Input records:
▼▼▼

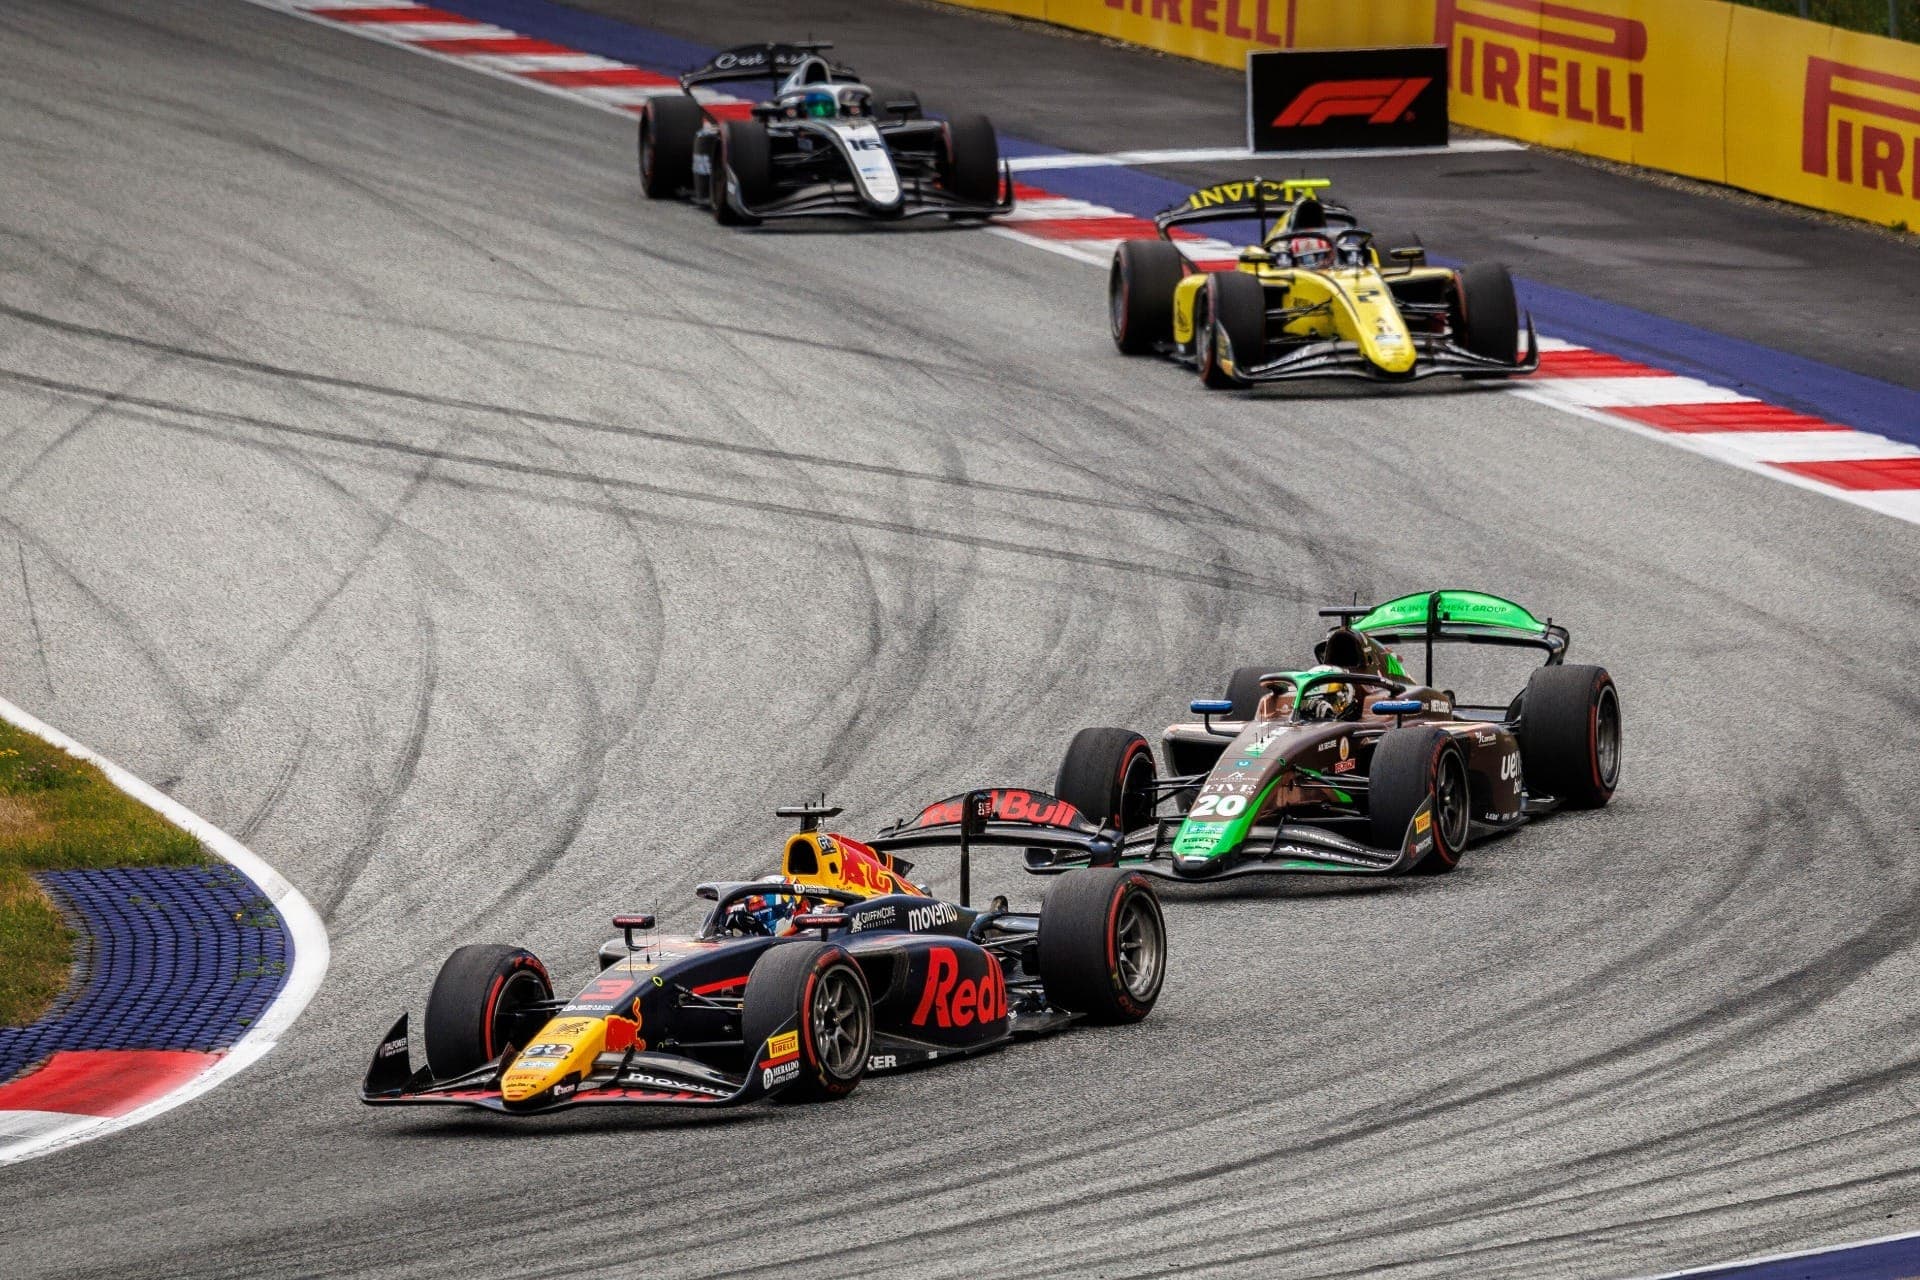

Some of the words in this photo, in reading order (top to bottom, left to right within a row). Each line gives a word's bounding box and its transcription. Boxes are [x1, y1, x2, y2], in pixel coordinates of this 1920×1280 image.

[1434, 0, 1648, 133] PIRELLI
[1271, 77, 1433, 127] F1
[1802, 55, 1920, 200] PIR
[1189, 181, 1317, 209] INVICT
[1472, 604, 1507, 613] GROUP
[1001, 791, 1076, 827] Bull
[1190, 794, 1248, 817] 20
[908, 902, 958, 933] movento
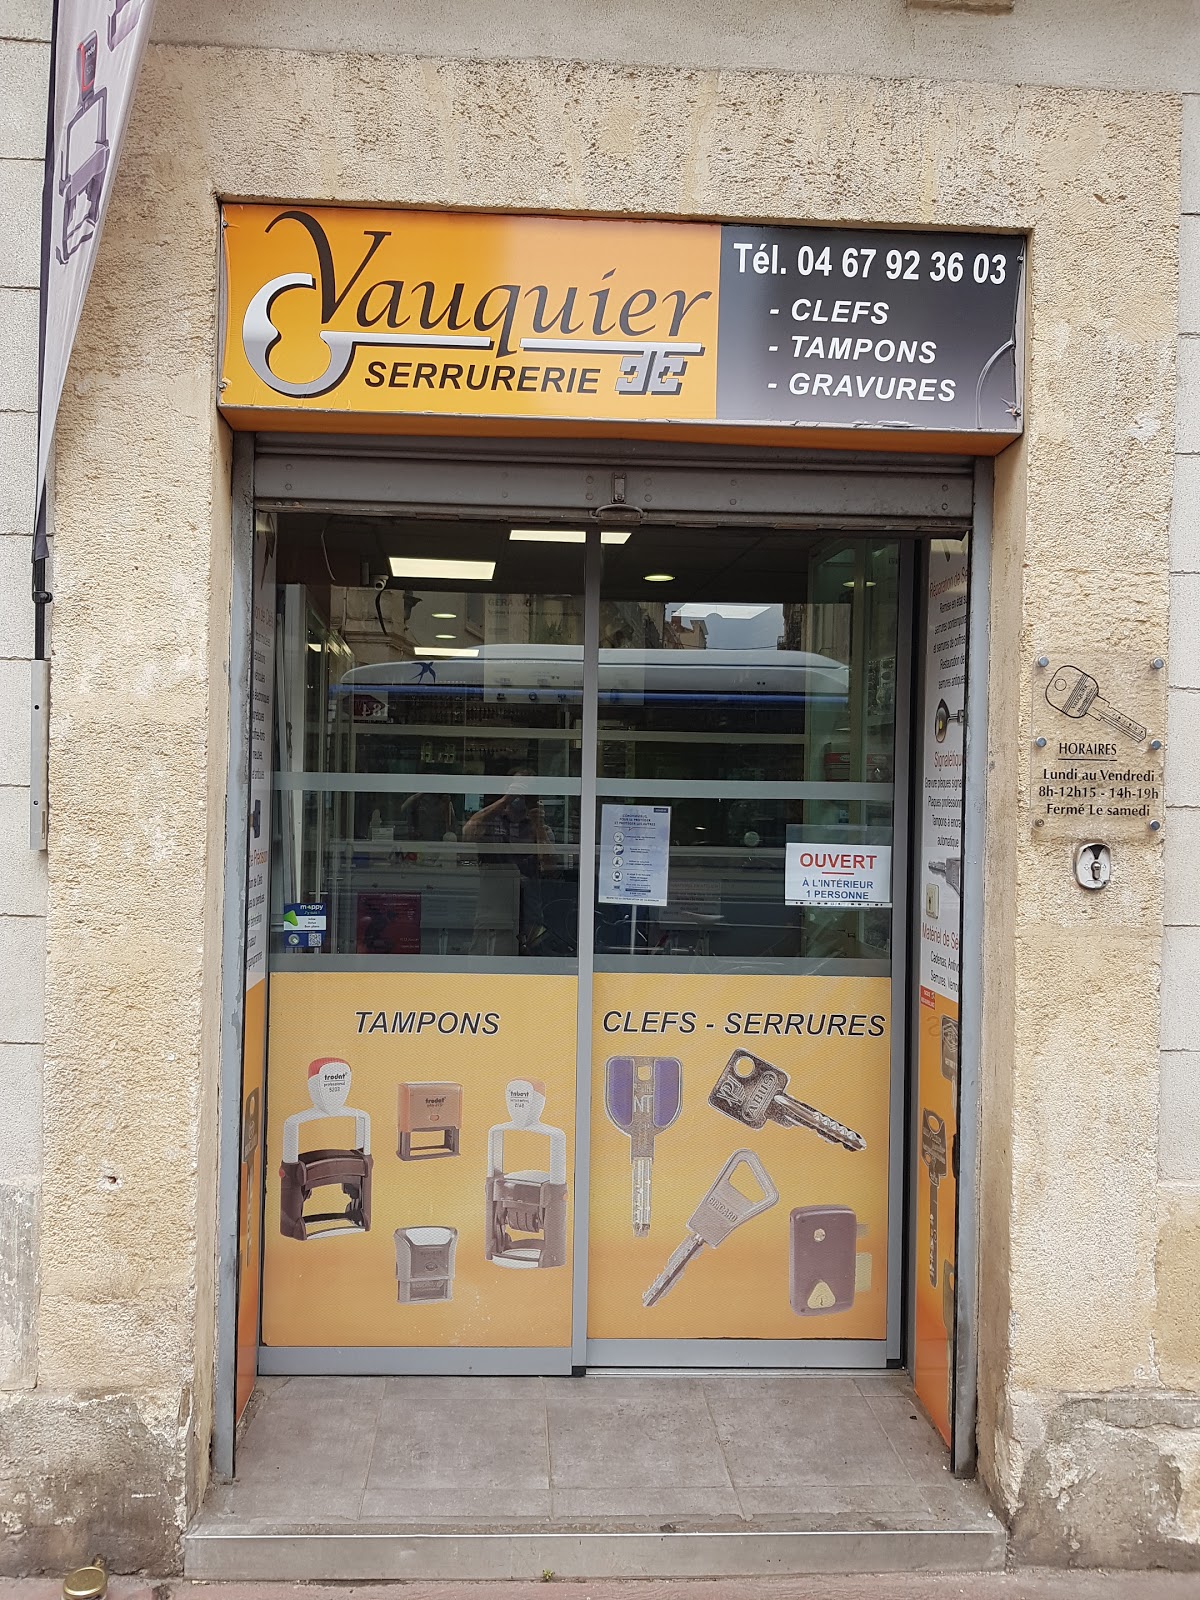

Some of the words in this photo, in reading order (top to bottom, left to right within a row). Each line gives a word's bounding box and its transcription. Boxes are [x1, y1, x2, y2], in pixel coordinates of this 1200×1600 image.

[733, 242, 787, 275] Tél.
[797, 245, 833, 277] 04
[842, 247, 877, 278] 67
[885, 249, 921, 280] 92
[929, 251, 964, 282] 36
[973, 253, 1007, 285] 03
[265, 211, 712, 357] Vauquier
[791, 298, 890, 325] CLEFS
[791, 336, 937, 364] TAMPONS
[364, 361, 601, 394] SERRURERIE
[789, 372, 957, 402] GRAVURES
[1059, 742, 1117, 756] HORAIRES
[1043, 768, 1078, 781] Lundi
[1082, 771, 1097, 781] au
[1100, 769, 1155, 782] Vendredi
[1038, 786, 1096, 798] 8h-12h15
[1109, 787, 1159, 800] 14h-19h
[1046, 803, 1085, 816] Fermé
[1089, 804, 1104, 816] Le
[1107, 805, 1150, 817] samedi
[799, 853, 877, 869] OUVERT
[802, 877, 810, 887] À
[812, 878, 874, 889] L'INTÉRIEUR
[806, 890, 811, 898] 1
[814, 890, 869, 899] PERSONNE
[354, 1010, 502, 1036] TAMPONS
[602, 1010, 697, 1035] CLEFS
[724, 1011, 886, 1037] SERRURES
[745, 1073, 775, 1119] ABUS
[708, 1196, 738, 1224] BRICARD

▲▲▲

All of the material is to be reproduced verbatim, pictures excluded.

Some of the words in this photo, in reading order (top to bottom, left to right within a row). Each line gives a word's bounding box and its transcription. Boxes are [x1, y1, x2, y2], in pixel coordinates of this 1920×1280 image.

[1434, 0, 1648, 133] PIRELLI
[1271, 77, 1433, 127] F1
[1802, 55, 1920, 200] PIR
[1189, 181, 1317, 209] INVICT
[1472, 604, 1507, 613] GROUP
[1001, 791, 1076, 827] Bull
[1190, 794, 1248, 817] 20
[908, 902, 958, 933] movento

Some of the words in this photo, in reading order (top to bottom, left to right within a row). Each line gives a word's bounding box and its transcription. Boxes are [x1, y1, x2, y2], in pixel coordinates of this 1200×1600 image.

[733, 242, 787, 275] Tél.
[797, 245, 833, 277] 04
[842, 247, 877, 278] 67
[885, 249, 921, 280] 92
[929, 251, 964, 282] 36
[973, 253, 1007, 285] 03
[265, 211, 712, 357] Vauquier
[791, 298, 890, 325] CLEFS
[791, 336, 937, 364] TAMPONS
[364, 361, 601, 394] SERRURERIE
[789, 372, 957, 402] GRAVURES
[1059, 742, 1117, 756] HORAIRES
[1043, 768, 1078, 781] Lundi
[1082, 771, 1097, 781] au
[1100, 769, 1155, 782] Vendredi
[1038, 786, 1096, 798] 8h-12h15
[1109, 787, 1159, 800] 14h-19h
[1046, 803, 1085, 816] Fermé
[1089, 804, 1104, 816] Le
[1107, 805, 1150, 817] samedi
[799, 853, 877, 869] OUVERT
[802, 877, 810, 887] À
[812, 878, 874, 889] L'INTÉRIEUR
[806, 890, 811, 898] 1
[814, 890, 869, 899] PERSONNE
[354, 1010, 502, 1036] TAMPONS
[602, 1010, 697, 1035] CLEFS
[724, 1011, 886, 1037] SERRURES
[745, 1073, 775, 1119] ABUS
[708, 1196, 738, 1224] BRICARD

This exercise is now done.